**RECORDS FOR THIS EXERCISE**

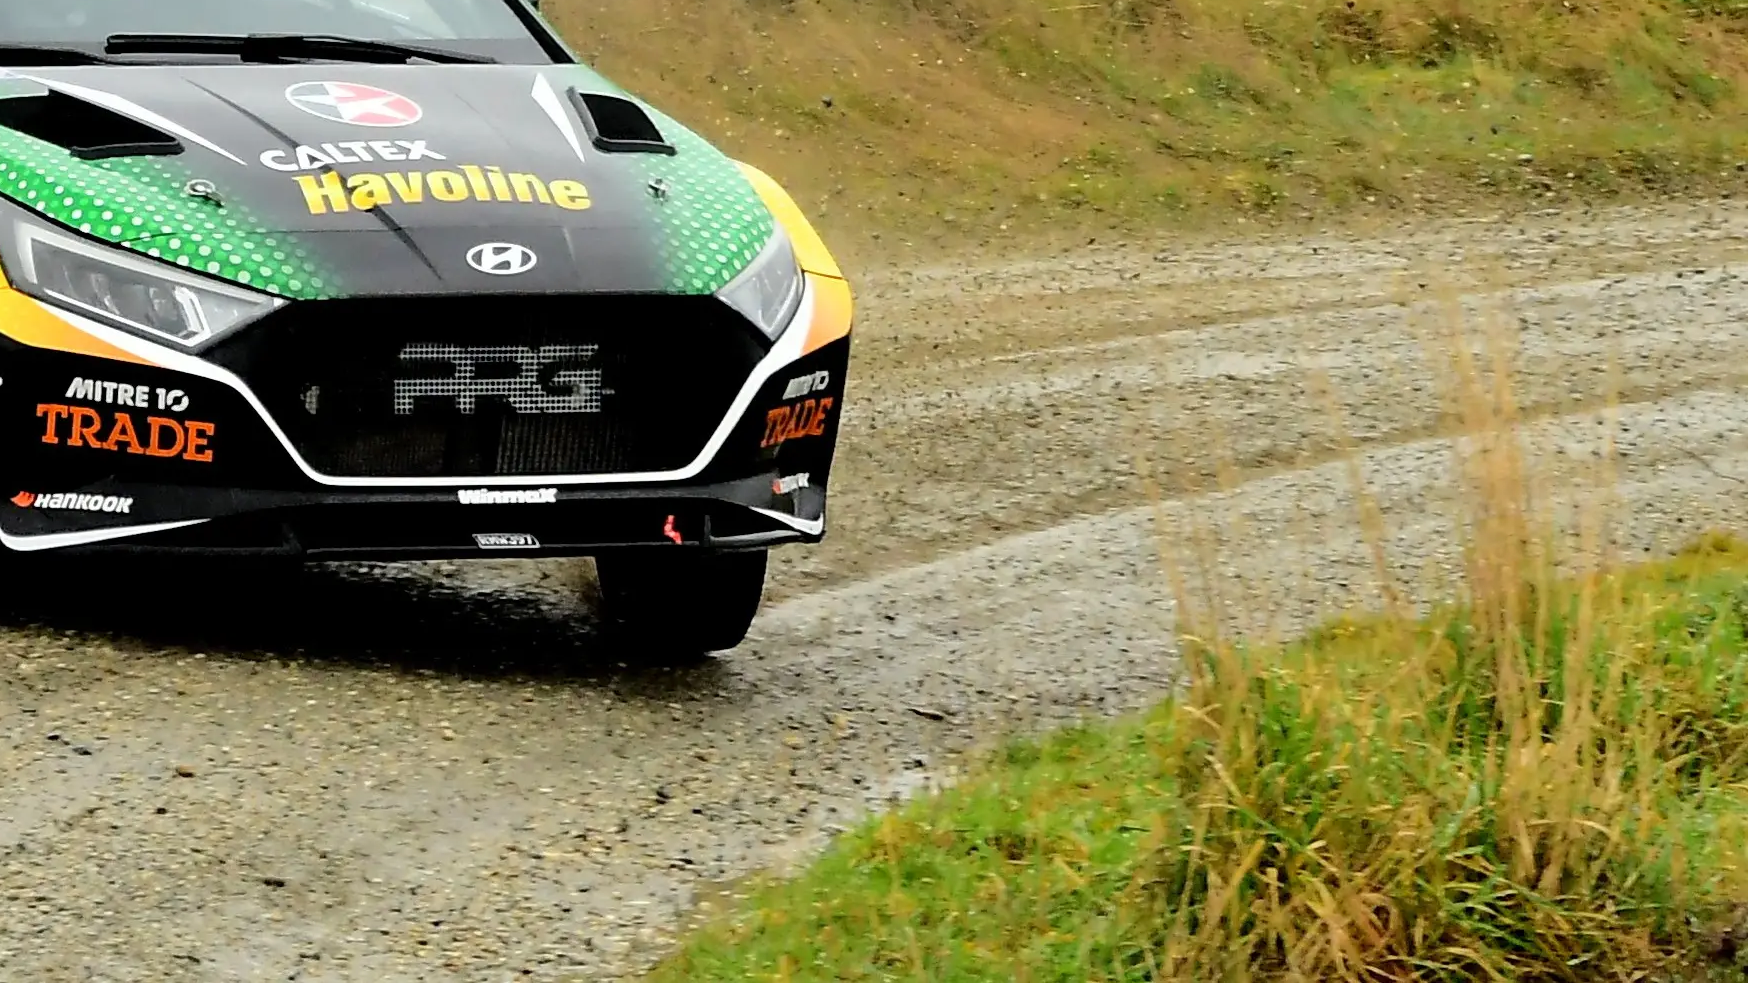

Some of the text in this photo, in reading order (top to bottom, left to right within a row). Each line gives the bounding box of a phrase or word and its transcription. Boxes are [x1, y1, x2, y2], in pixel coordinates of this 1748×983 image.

[259, 140, 447, 171] CALTEX
[292, 165, 592, 215] Havoline
[65, 376, 190, 412] MITRE 10
[36, 403, 215, 462] TRADE
[760, 397, 833, 448] TRADE

**TASK GOAL**
Only the text of the listing should be returned, exactly and in full; no image goes into the copy.

**WRITTEN RESPONSE**
Some of the text in this photo, in reading order (top to bottom, left to right within a row). Each line gives the bounding box of a phrase or word and its transcription. Boxes are [x1, y1, x2, y2], in pixel coordinates of this 1748×983 image.

[259, 140, 447, 171] CALTEX
[292, 165, 592, 215] Havoline
[65, 376, 190, 412] MITRE 10
[36, 403, 215, 462] TRADE
[760, 397, 833, 448] TRADE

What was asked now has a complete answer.